Muitos relatórios de inteligência são produzidos diariamente com o objetivo de informar os tomadores de decisão e, naturalmente, nem todos são considerados verdadeiros. De acordo com os vazamentos da Inteligência, os planos para o ataque do Hamas foram considerados além da capacidade do grupo, informou o New York Times. Apesar disso, o ataque do Hamas foi considerado um grande fracasso da Inteligência em um primeiro momento. As informações foram fornecidas, embora não esteja claro se foram entregues ao nível mais alto de tomada de decisão.

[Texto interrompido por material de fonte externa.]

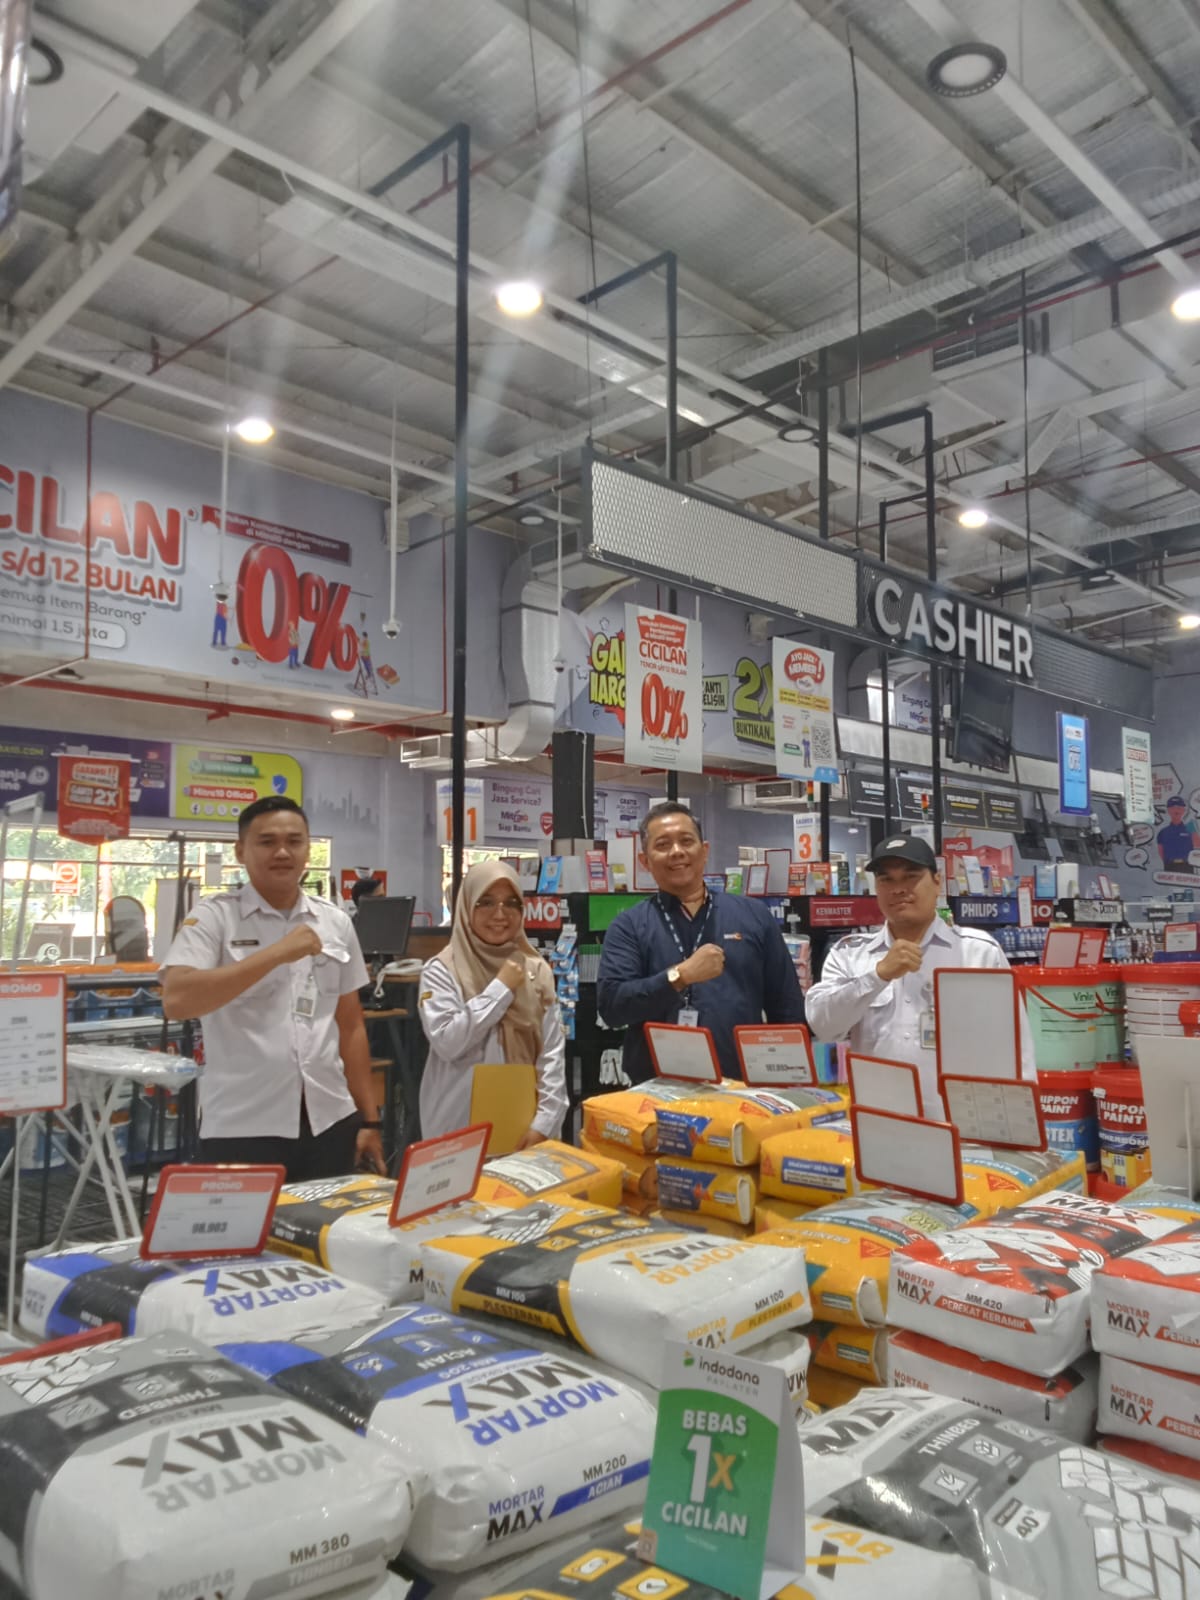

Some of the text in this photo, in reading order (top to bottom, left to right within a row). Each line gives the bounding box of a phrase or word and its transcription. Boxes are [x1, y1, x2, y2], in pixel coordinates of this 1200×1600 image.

A retaliação massiva de Israel
Após os ataques, Israel conduziu uma retaliação maciça sobre a Faixa de Gaza, pedindo que os civis se deslocassem constantemente de uma parte do território para outra. No entanto, mesmo com os avisos, o número de mortes de civis nesse conflito é significativamente alto. O número de mortes de palestinos, de acordo com o Ministério da Saúde da Palestina, é superior a 40.000. Além disso, a campanha aérea que Israel está conduzindo sobre Gaza destruiu ou causou danos a edifícios civis e à infraestrutura em geral. Portanto, as pessoas que vivem em Gaza estão sendo deslocadas, além de sofrerem todos os aspectos de uma guerra. Faltam alimentos, água e medicamentos. Em seu recente discurso na Assembleia Geral da ONU, o primeiro-ministro israelense Netanyahu disse que o Hamas rouba alimentos e medicamentos de sua própria população.
Devido à quantidade de mortes de civis, bem como aos ataques aéreos indiscriminados de Israel contra o território de Gaza, a África do Sul acusou Israel de genocídio na Suprema Corte Internacional (ICJ). Treze outros países expressaram sua intenção de se juntar à África do Sul na acusação. Para que um ato seja considerado genocídio de acordo com o Direito Internacional, é necessário provar a intenção. Ou seja, o objetivo do ato deve ser destruir intencionalmente, no todo ou em parte, um grupo nacional, étnico, racial ou religioso, de acordo com a Convenção de Genocídio das Nações Unidas. Portanto, a África do Sul alega que os “atos e omissões” de Israel “têm caráter genocida porque têm a intenção de provocar a destruição de uma parte substancial do grupo nacional, racial e étnico palestino”.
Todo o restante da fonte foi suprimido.